Saturday, May 18, 2013
Saturday, May 18, 2013

South Carolina, again

How did the Democrats get saddled with a Senate candidate who was busted on a porn charge?

49 comments

South Carolina, again

POSTED: Thursday, June 10, 2010, 1:27 PM

So I vanish for 24 hours into the deep cool of the Blue Ridge Mountains, having assumed that South Carolina's political cesspool couldn't possibly be roiled again, but clearly I was wrong. I don't have the Guinness Book of Records handy, but it's probably safe to suggest that never before has the Democratic party been saddled with a U.S. Senate nominee who got busted for showing porn to a college co-ed.

Put your hands together for Alvin Greene. He has taught us that anything is truly possible in America - or, at minimum, in South Carolina, where a jobless guy with no money, no ads, no signs, no website, no organization, and a potential five-year jail stint in his future can somehow garner 59 percent of the vote in a Senate primary and thump his fully-credentialed rival. Unless the state Democrats can persuade Greene to quit (no luck so far), he'll face off this fall against Jim "Waterloo" DeMint.
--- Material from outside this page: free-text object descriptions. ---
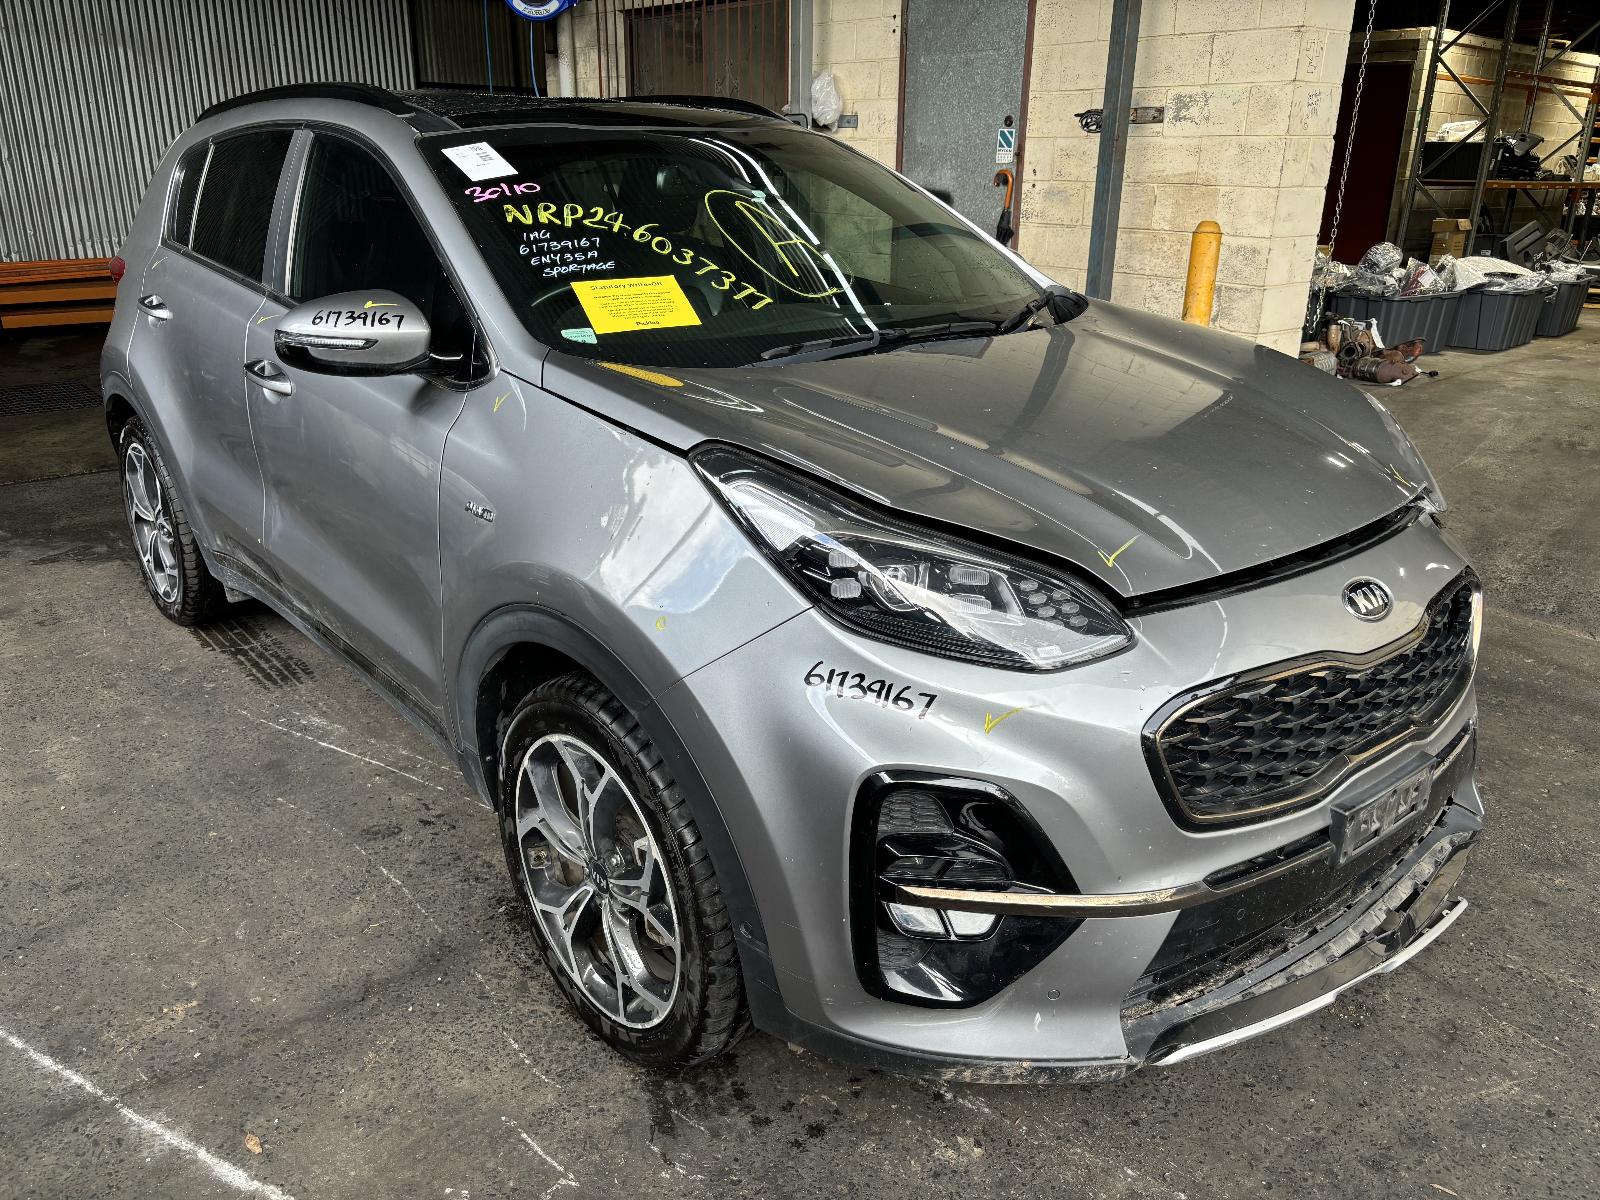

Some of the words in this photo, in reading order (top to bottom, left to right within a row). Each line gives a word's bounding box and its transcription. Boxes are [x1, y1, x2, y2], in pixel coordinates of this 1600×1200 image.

[519, 238, 600, 255] 61739167
[542, 260, 616, 278] SPORTAGE
[311, 309, 405, 331] 61739167
[1349, 584, 1389, 614] KIA
[803, 660, 938, 720] 61739167
Greene has been, and remains, virtually mute about most everything. But apparently he was quite specific during his encounter last November with the University of South Carolina co-ed. The student, Camille McCoy, told the Associated Press yesterday that Greene had sat down next to her in a computer lab and asked her to check out the porn on his screen. In her words, "I said, 'That's offensive,' and he sat there laughing...He said, 'Let's go to your room now.' It was kind of scary. He's a pretty big boy. He could've overpowered me." She called the campus cops and picked Greene out of a photo array. Greene has yet to enter a plea in the felony case; this week he said, "I have no comment on that negative story."

Yes, this is truly the year of the outsider.

I can't decide whether Greene is the worst Democratic candidate of the year. The guy who recently won the Illinois Democratic primary for lieutenant governor, he was pretty stiff competition. I mentioned Scott Lee Cohen back in February. Turns out he'd been arrested back in '05 for putting a knife to his girlfriend's throat. He'd also knocked his ex-wife around during a life phase when he was abusing steroids, and his own brother had successfully sued him for 200 large. But the big difference between Cohen and Greene is that Cohen bowed to the Democratic party's pleas and quit the race within days of winning the primary.

Two things are seriously weird about this story. Greene, who was reportedly booted out of the military, doesn't have a dime to his name - yet he somehow put up the required $10,000 to register himself as a Senate candidate. Where did the money come from? Greene says it came from his bank account; the problem with that story is, he was given a public defender in the porn case after he proved that he was indigent. (South Carolina congressman Jim Clyburn says that Greene may have been a stealthily financed "Republican plant." Indeed, the fake candidate strategy is a time-honored South Carolina tradition. But that seems unlikely in this case. No Democrat, nutcase or otherwise, is going to beat Jim DeMint this year.)

But here's the really weird question: Why would 100,180 voters cast ballots in a Senate primary for a total cipher? Greene's Democratic opponent was a former judge and legislator, somebody with credentials and an actual track record. Are voters really so clueless or feckless that they would support someone whom they knew nothing about?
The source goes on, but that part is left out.